From 1946 to 1947 he was in Mosco, where he helped negotiate economic-cooperation agreements with the Soviet Union. In 1948, the Cominform (an organization 1947–56 established by the Communist parties of nine European countries for mutual advice and coordinated activity) denounced the Yugoslav Communist Party and the Soviet Union imposed an economic blockade on Yugoslavia. He would then become First Deputy Minister of Foreign Affairs and was elected to the Central Committee of the Yugoslav Communist party.

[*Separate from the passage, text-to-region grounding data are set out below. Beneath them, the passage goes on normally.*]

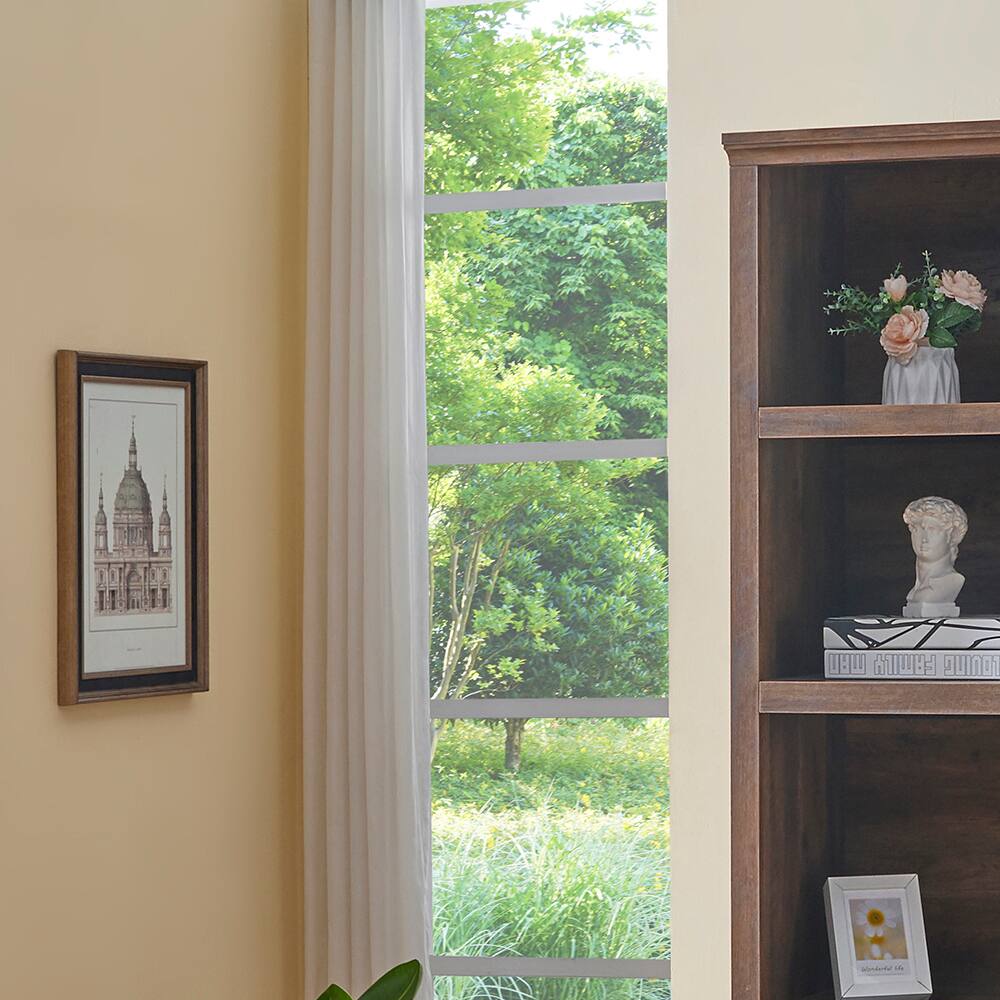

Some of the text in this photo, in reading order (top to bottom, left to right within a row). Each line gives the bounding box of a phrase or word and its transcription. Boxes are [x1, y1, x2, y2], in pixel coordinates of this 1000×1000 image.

[829, 653, 1000, 677] LOVING FAMILY MAN
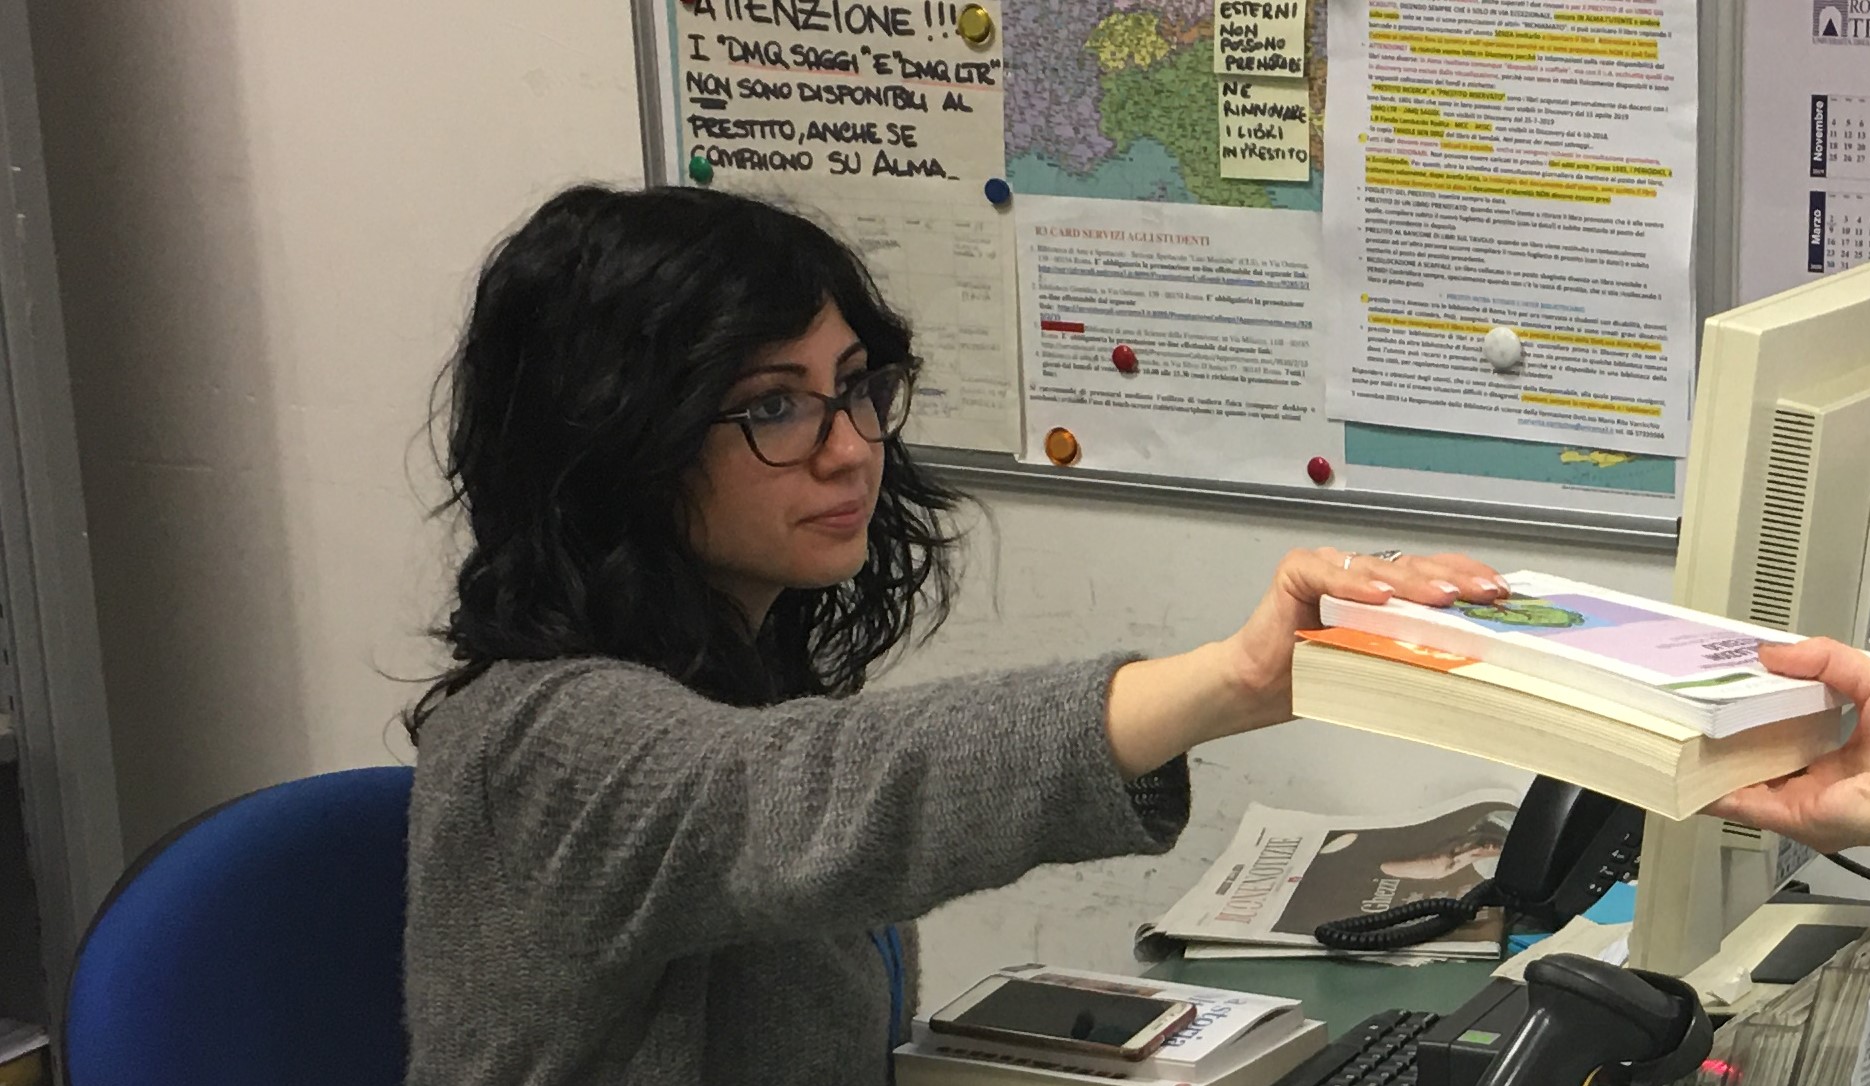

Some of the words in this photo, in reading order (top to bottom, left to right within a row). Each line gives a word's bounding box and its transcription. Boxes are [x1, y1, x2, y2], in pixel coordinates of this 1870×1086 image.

[1220, 2, 1298, 19] ESTERNI
[1220, 21, 1258, 38] NON
[688, 34, 710, 61] I
[686, 71, 732, 99] NON
[736, 76, 792, 100] SONO
[942, 92, 973, 112] AL
[1222, 81, 1252, 99] NE
[806, 121, 882, 144] ANCHE
[887, 123, 918, 148] SE
[1238, 123, 1283, 140] LIBRI
[1813, 100, 1825, 162] Novembre
[1241, 143, 1307, 163] PRESTITO
[828, 153, 862, 174] SU
[1050, 226, 1080, 238] CARD
[1810, 209, 1822, 246] Marzo

In 1949 he served as chief of the Yugoslav Delegation to the United Nations General Assembly where he sought the aid of Western powers for his country. In 1950, he was named as Ambassador to the United States and pledged a policy of peaceful cooperation. He was influential in obtaining $38 million in food and supplies for his drought–stricken country. He helped obtain $50 million in economic aid from the United States, Britain and France, which was secured after the release of archbishop Aloysius Stepinac. In 1954 he was Chairman of the foreign affairs committee of the Federal People's Assembly of Yugoslavia. From 1955 to 1958, he served as ambassador to China, USA and Vietnam. From 1958 to 1972, he held several different positions. He was a member of the presidium of the Central Committee in charge of Foreign Policy, a member of the Federal Government, the Chairman of the Committee for foreign economic relations, head of goodwill trade missions to Latin America, on missions to members of The Non-Aligned Movement NAM and Secretary to the Presidency until his death 1972 in London.

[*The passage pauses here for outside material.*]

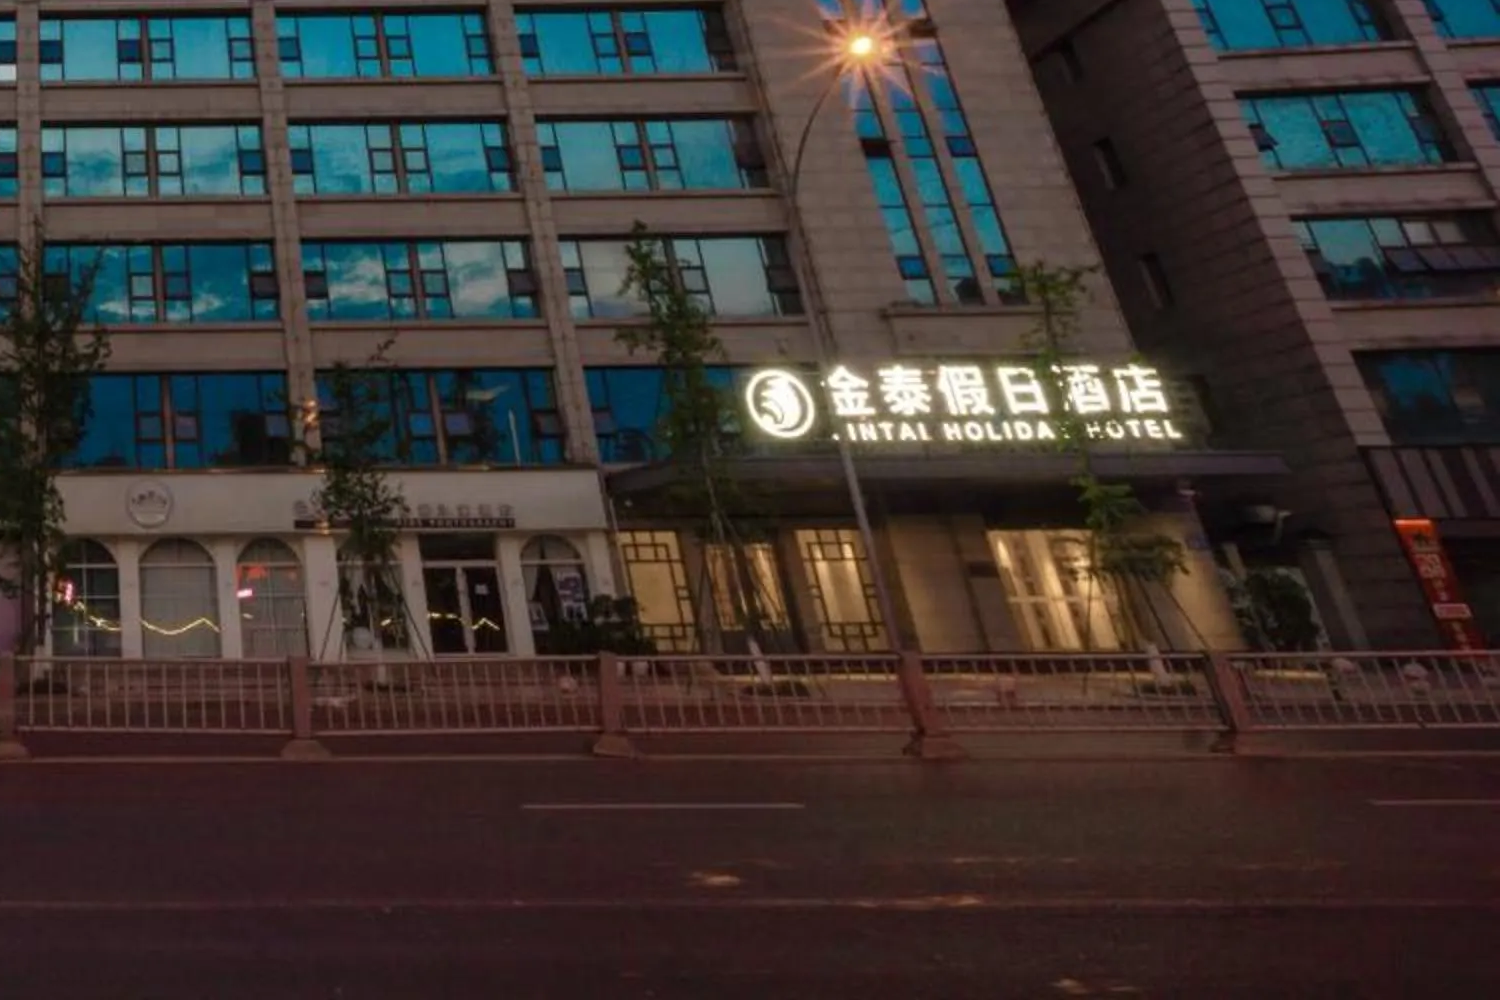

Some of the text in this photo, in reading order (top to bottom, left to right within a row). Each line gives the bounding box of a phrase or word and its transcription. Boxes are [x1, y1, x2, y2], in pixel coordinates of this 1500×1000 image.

[821, 364, 1168, 416] 金泰假日酒店
[833, 418, 1182, 441] INTAI HOLIDA HOTEL

He married Vjera Radimir in 1946.

Literature 
Dedijer Vladimir (1953). Tito. Publisher: Simon and Schuster
Dedijer, Vladimir (1953). Tito Speaks: His Self Portrait and Struggle with Stalin. Weidenfeld and Nicolson.
Lees, Lorraine M. (2006). Keeping Tito Afloat: The United States, Yugoslavia, and the Cold War. Pennsylvania State University Press.

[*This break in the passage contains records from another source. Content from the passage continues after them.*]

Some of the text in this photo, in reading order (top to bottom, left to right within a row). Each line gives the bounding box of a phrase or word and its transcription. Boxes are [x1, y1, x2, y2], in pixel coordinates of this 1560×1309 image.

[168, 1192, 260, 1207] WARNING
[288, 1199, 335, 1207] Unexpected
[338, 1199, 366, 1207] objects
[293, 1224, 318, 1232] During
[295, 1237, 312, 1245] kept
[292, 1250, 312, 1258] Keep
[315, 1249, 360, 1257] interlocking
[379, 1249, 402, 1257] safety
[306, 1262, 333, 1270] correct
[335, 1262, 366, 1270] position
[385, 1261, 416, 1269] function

Velebit, Vladimir Sjecanja, Zagreb, 1983.
Ivan Matovic: "Crnogorci Nadzivjeli Spansku Golgotu"
Balen, Marija-Vica: Bili smo idealisti. Uspomene jedne revolucionarke. Zagreb, 2009.
Biografija izdanja u Narodnooslobodilačkom ratu 1941–1945. Beograd, 1964.
Bojović, Jovan: Osma pokrajinska konferencija KPJ za Crnu Goru, Boku, Sandžak, Kosovo i Metohiju. Titograd, 1980.
Cenčić, Vjenceslav: Enigma Kopinič I-II. Beograd 1983.
Četiri decenije Saveza komunista Hrvatske. Zbornik, Zagreb, 1979.
Damjanović, Milica: Napredni pokret studenata Beogradskog univerziteta, Beograd, 1974.
Damjanović, Pero: Tito pred temama istorije. Beograd, 1977.
Damjanović, Pero: Tito na čelu Partije. Beograd, 1968.
Dedijer, Vladimir: Dnevnik. Beograd, 1951.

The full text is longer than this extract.